ことわざ漫談小話
ことわざ小話1~50
27「口は禍の門」
それではこの「口は禍(わざわい)の門(かど)」と言うことは、うっかりしたことをいうと、それが不幸を招く原因になる。即ち、口はつつしめといういましめです。それでは毎度のばかばかしい落ちたくもオチない小話です。

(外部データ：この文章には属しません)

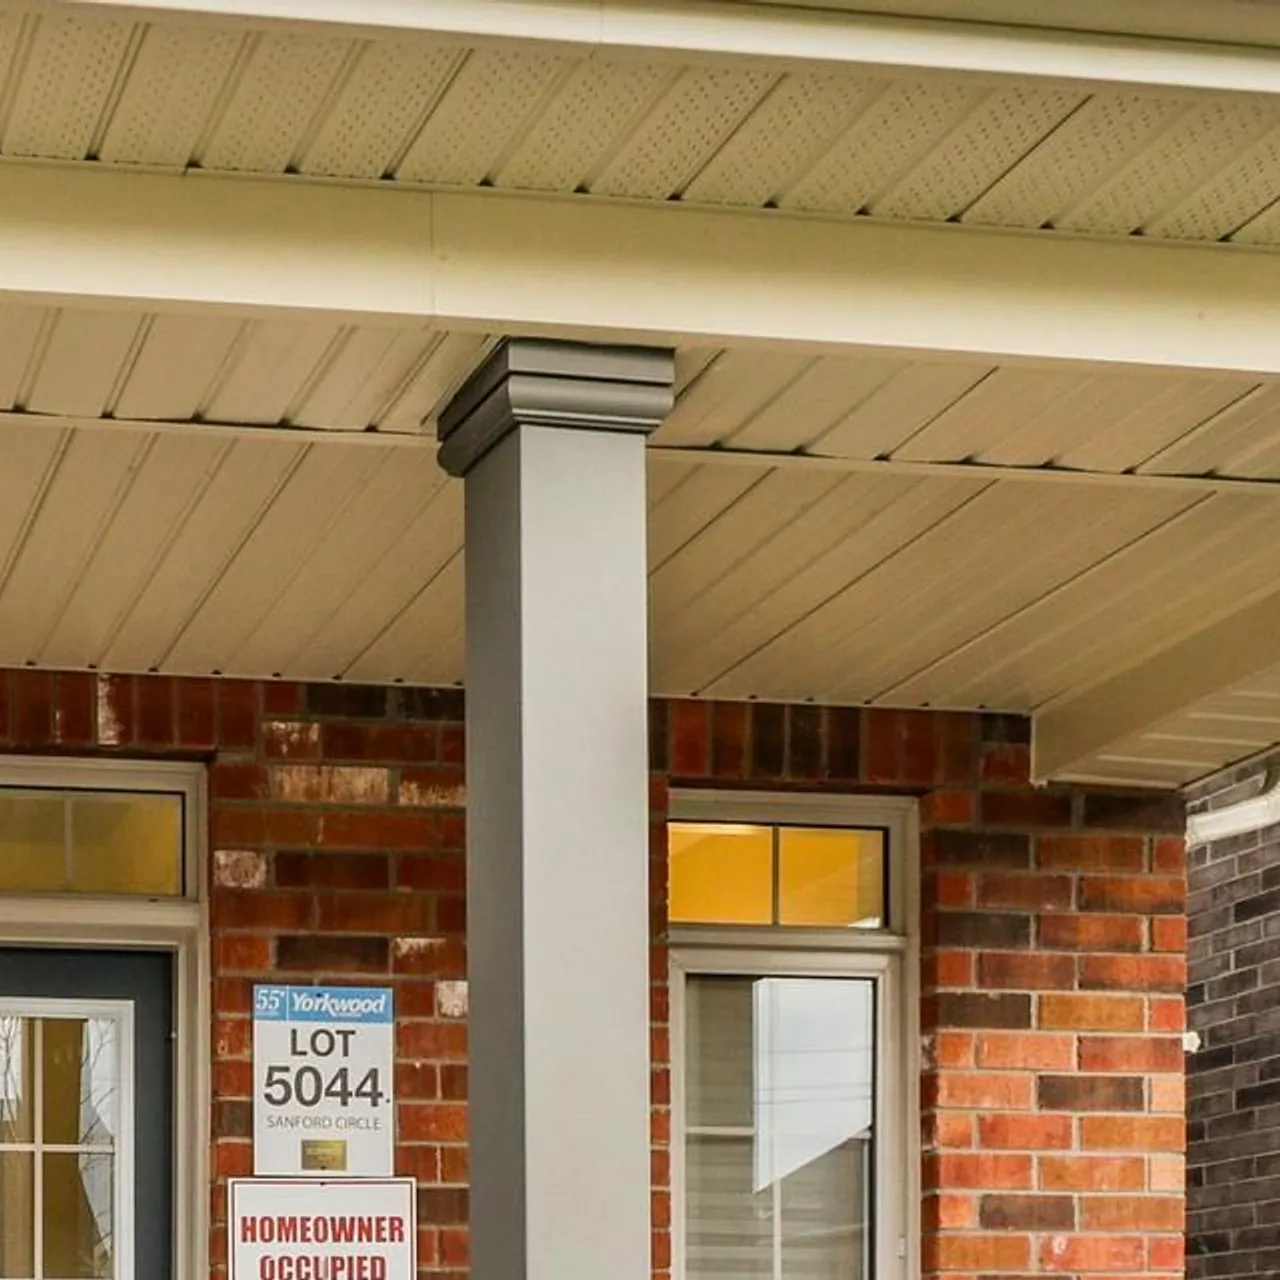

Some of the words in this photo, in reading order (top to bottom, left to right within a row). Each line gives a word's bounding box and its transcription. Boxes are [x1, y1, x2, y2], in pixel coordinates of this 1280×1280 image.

「良いか、思っても言っちゃいけないよ。何せ口は禍の門というからなぁ」
「それじゃさぁ、良い考えが浮かんだらどうすりゃいいのだい?」
「だから、こりゃ良い考えと思っても、口に出しちゃダメだ」
「え?ダメなの。これまでにない良い考えだよ」
「あのなぁ、そのようなものに限って、われ先と口に出したがるものだ。しかし、禍があっては困るから、浮かんだそのいいものでも心の底に沈めておくのだ」
「ああ、昇給の進言を考えていたのに、真面目な係長は無欲だなぁ。係長の爪を煎じて飲まなきゃ俺もダメかなぁ。俺なら、内緒にして、みんな聞いちゃうもなぁ。だって、昇給だよ。禍どころか、これは福の門だよ・・ねぇ」
ああ、勿体無い。いらないならこの源五郎がもらいます。え?お前には関係ないから沼の底に沈んでいろ、ですって・・そりゃ、ないでしょう。